Scanning Microscopy


When homoepitaxial growth is performed on exactly oriented (singular) (111) GaAs substrates, while maintaining the √19 x √19 surface reconstruction, the originally flat surface spontaneously evolves vicinal (111) facets that are tilted approximately 2.5° toward the < 211 > azimuthal directions. These facets form pyramid-like structures where the distance between adjacent peaks can be varied from as little as 1 μm to tens of μm. When these surfaces are observed with atomic force microscopy (AFM), we find that they are extremely smooth with the observed tilt resulting from atomic steps which are spaced at approximately 7.5 nm. We have also studied growth on vicinal GaAs(111) substrates. Our results are interpreted as indicating that the 2.5° vicinal (111) surface has a minimum free energy for the √19 x √19 reconstruction (i.e., that 10 nm spacing of < 011 > steps is thermodynamically preferred).

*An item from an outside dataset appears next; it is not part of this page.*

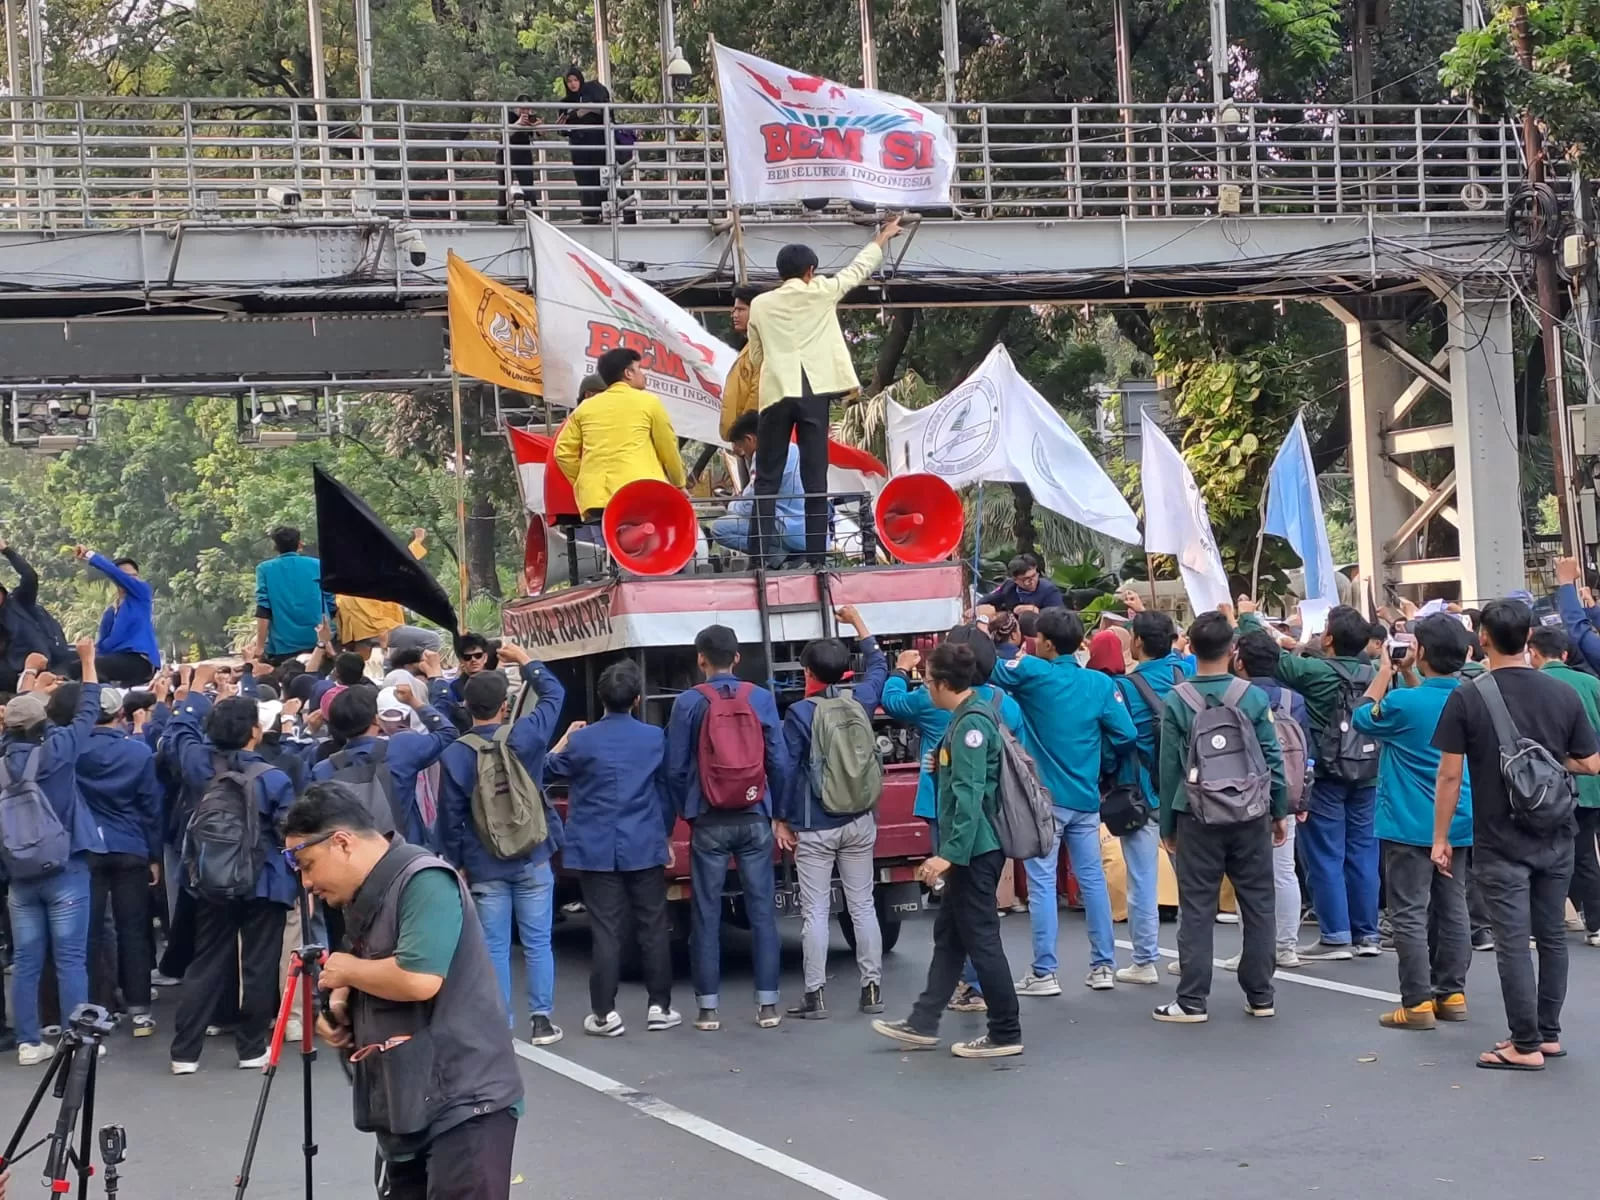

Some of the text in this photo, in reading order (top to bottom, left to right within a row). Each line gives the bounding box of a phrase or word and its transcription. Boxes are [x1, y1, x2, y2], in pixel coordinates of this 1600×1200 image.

Exactly oriented (111) facets are only observed when their facet width is less than a couple of micrometers implying a minimum nucleation size. This is a surprising result since conventional wisdom argues the surfaces with low Miller indexes are preferred. A possible explanation is an anisotropy in the surface in the two degenerate phases of √19 x √19 reconstruction which are rotated ±23° from the unreconstructed surface.